After the above origin calibration process is performed, the current position of the movable body 4 when the robot is actually driven is obtained as the encoder output value (D) + offset amount. This means that the calibration position has been updated to the operation end position described above, that is, the origin has been calibrated. When the drive motor 6, the encoder 12 or the like is replaced, or when another condition requiring the origin calibration process occurs, the origin calibration command is given to the control circuit 20 to perform the origin calibration again.
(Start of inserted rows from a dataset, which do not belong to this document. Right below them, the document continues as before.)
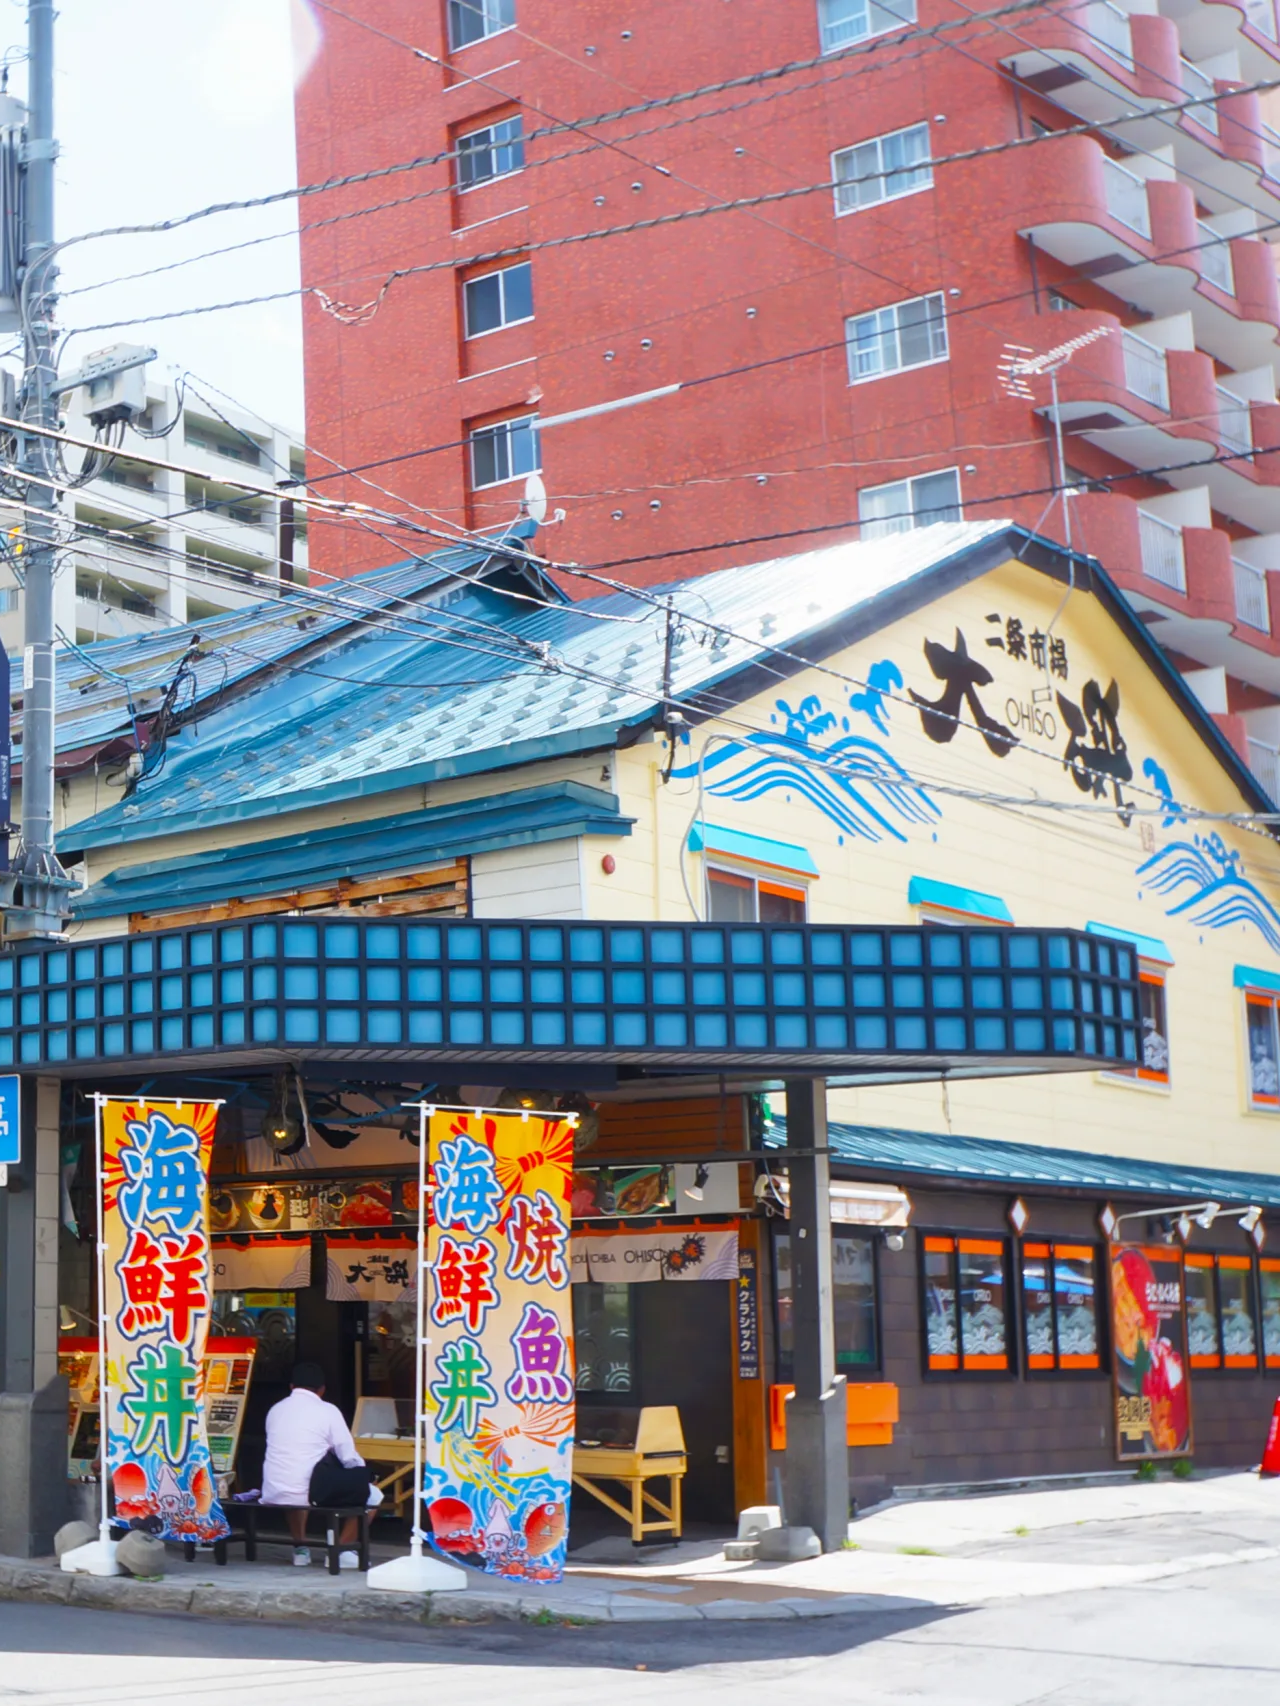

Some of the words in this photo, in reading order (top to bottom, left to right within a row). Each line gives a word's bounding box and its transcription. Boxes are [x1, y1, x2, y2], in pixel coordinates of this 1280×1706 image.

[1005, 697, 1057, 741] OHISO
[118, 1111, 209, 1467] 海鮮丼
[433, 1134, 504, 1438] 海鮮丼
[504, 1190, 573, 1405] 焼魚
[624, 1248, 664, 1264] OHISO
[739, 1290, 751, 1352] クラシック
Although a robot having one movable body 4 has been described in the above embodiment, many robots of this type have a multi-axis structure, and an example of such a case is shown in FIG. The robot shown in FIG. 5 is a four-axis cylindrical coordinate type robot, and the drive mechanism as described above is provided for each axis. In the case of such a multi-axis configuration, when setting the above-mentioned reference positions P1 and P2, first fix each axis to a predetermined reference position using a jig or the like, and use each encoder output value at that time. P1 is obtained in the coordinate format, then each axis is fixed at a position where it collides with each stopper, and P2 is also obtained in the coordinate format. The origin position calibration for each axis is performed using these coordinates P1 and P2.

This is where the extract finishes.